Set down, exactly and in full, the line holding "this 1920×1440 image." and all the lines after it until the listing ends, and nothing else.

========

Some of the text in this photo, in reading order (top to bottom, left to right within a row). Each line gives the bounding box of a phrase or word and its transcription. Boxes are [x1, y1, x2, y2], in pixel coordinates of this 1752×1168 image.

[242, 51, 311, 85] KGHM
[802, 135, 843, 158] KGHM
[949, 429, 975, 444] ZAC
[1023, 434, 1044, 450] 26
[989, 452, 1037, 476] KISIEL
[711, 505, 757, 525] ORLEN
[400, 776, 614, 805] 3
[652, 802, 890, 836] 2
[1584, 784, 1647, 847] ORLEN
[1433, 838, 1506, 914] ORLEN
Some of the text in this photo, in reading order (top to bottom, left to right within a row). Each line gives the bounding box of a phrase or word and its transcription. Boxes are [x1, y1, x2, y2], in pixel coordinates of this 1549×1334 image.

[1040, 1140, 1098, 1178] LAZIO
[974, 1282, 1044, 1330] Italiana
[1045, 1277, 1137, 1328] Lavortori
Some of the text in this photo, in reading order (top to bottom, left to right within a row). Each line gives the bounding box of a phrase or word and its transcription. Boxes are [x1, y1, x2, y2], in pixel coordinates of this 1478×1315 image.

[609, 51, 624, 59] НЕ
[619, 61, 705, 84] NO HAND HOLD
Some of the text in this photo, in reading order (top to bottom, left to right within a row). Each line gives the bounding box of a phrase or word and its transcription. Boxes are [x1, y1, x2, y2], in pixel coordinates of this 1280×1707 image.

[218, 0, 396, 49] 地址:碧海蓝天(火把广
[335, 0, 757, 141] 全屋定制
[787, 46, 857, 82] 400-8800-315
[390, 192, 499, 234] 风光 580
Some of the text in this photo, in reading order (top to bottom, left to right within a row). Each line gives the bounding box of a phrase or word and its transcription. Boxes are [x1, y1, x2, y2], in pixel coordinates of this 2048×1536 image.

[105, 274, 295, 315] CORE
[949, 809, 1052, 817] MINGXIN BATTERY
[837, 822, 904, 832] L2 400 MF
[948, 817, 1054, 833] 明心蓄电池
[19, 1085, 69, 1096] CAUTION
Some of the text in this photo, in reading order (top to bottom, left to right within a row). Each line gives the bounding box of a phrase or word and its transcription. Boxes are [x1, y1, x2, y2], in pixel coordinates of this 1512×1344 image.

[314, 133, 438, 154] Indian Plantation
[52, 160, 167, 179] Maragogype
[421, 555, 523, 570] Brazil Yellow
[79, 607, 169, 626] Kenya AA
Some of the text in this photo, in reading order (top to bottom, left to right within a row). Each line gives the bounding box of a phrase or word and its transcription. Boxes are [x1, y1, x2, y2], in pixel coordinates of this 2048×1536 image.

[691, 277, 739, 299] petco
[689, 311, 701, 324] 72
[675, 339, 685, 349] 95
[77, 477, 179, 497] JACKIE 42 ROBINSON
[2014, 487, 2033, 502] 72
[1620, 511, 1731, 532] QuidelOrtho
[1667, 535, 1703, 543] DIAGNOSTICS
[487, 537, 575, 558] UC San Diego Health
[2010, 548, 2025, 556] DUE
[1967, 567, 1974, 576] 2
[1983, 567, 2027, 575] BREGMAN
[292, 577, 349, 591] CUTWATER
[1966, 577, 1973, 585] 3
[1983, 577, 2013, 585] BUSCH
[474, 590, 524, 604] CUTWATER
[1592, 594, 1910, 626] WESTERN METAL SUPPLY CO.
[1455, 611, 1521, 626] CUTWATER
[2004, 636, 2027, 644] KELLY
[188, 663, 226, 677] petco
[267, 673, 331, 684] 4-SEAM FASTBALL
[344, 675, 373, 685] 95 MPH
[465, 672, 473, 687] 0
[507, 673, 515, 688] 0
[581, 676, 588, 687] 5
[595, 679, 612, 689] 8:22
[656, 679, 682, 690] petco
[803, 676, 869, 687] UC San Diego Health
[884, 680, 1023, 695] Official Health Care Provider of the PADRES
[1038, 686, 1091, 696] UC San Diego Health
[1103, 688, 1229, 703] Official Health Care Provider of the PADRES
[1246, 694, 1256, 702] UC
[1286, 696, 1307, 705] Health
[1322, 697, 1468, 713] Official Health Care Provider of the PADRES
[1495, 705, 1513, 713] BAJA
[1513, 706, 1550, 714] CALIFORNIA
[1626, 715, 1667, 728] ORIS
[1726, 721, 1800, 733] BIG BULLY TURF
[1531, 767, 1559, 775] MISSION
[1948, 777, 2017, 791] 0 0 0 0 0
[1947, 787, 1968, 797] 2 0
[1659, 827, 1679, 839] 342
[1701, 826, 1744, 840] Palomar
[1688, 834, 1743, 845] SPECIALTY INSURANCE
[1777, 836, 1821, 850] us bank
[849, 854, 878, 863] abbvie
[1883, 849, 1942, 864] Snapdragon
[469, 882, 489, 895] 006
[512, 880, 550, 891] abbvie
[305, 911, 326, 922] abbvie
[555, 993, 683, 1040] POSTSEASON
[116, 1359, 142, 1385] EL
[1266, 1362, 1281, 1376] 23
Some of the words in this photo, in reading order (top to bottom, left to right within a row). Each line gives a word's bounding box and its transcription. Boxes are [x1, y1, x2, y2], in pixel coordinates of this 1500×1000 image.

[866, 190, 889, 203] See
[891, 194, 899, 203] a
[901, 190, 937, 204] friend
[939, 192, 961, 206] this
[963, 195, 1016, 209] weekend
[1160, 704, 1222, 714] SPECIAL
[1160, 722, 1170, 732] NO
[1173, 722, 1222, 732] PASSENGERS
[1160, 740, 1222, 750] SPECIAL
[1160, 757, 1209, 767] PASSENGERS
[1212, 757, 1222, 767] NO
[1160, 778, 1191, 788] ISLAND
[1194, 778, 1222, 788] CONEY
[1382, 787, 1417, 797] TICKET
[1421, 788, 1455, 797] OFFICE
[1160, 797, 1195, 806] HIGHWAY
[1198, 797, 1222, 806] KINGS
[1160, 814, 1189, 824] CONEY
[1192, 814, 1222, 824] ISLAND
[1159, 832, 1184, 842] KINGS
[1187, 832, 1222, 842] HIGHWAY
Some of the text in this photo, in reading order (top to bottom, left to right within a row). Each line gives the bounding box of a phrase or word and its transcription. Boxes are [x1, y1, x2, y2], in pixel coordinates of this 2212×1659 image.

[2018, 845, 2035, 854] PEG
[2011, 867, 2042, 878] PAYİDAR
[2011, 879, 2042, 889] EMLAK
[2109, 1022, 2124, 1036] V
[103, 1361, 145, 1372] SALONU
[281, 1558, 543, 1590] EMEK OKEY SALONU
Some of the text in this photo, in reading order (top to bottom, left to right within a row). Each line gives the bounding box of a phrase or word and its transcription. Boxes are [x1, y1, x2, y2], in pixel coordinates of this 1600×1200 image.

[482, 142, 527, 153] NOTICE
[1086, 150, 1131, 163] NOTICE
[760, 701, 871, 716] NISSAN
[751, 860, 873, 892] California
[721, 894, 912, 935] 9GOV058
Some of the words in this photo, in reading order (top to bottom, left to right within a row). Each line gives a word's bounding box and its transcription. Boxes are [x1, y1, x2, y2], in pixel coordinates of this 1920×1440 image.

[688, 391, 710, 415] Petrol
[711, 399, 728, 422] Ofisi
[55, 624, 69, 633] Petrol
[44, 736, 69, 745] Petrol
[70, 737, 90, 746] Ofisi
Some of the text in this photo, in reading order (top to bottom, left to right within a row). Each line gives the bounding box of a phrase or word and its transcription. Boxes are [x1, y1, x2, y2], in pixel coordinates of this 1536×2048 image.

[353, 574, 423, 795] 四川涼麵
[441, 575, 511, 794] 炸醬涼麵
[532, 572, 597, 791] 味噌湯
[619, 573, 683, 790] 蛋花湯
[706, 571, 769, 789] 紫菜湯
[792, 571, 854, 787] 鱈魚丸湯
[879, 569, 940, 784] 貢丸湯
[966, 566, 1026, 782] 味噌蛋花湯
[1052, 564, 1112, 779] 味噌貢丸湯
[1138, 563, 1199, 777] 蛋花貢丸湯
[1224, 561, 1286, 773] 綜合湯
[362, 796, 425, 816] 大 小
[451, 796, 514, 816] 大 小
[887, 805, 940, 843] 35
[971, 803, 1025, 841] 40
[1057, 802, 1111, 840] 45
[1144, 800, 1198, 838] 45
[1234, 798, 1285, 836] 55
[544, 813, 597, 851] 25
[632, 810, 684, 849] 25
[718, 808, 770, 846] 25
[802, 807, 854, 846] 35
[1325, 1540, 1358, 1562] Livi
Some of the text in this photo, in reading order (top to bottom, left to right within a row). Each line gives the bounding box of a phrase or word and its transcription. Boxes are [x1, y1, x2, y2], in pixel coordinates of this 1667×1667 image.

========

● ANSWER TO THIS TASK
Some of the words in this photo, in reading order (top to bottom, left to right within a row). Each line gives a word's bounding box and its transcription. Boxes are [x1, y1, x2, y2], in pixel coordinates of this 1920×1440 image.

[688, 391, 710, 415] Petrol
[711, 399, 728, 422] Ofisi
[55, 624, 69, 633] Petrol
[44, 736, 69, 745] Petrol
[70, 737, 90, 746] Ofisi
Some of the text in this photo, in reading order (top to bottom, left to right within a row). Each line gives the bounding box of a phrase or word and its transcription. Boxes are [x1, y1, x2, y2], in pixel coordinates of this 1536×2048 image.

[353, 574, 423, 795] 四川涼麵
[441, 575, 511, 794] 炸醬涼麵
[532, 572, 597, 791] 味噌湯
[619, 573, 683, 790] 蛋花湯
[706, 571, 769, 789] 紫菜湯
[792, 571, 854, 787] 鱈魚丸湯
[879, 569, 940, 784] 貢丸湯
[966, 566, 1026, 782] 味噌蛋花湯
[1052, 564, 1112, 779] 味噌貢丸湯
[1138, 563, 1199, 777] 蛋花貢丸湯
[1224, 561, 1286, 773] 綜合湯
[362, 796, 425, 816] 大 小
[451, 796, 514, 816] 大 小
[887, 805, 940, 843] 35
[971, 803, 1025, 841] 40
[1057, 802, 1111, 840] 45
[1144, 800, 1198, 838] 45
[1234, 798, 1285, 836] 55
[544, 813, 597, 851] 25
[632, 810, 684, 849] 25
[718, 808, 770, 846] 25
[802, 807, 854, 846] 35
[1325, 1540, 1358, 1562] Livi
Some of the text in this photo, in reading order (top to bottom, left to right within a row). Each line gives the bounding box of a phrase or word and its transcription. Boxes are [x1, y1, x2, y2], in pixel coordinates of this 1667×1667 image.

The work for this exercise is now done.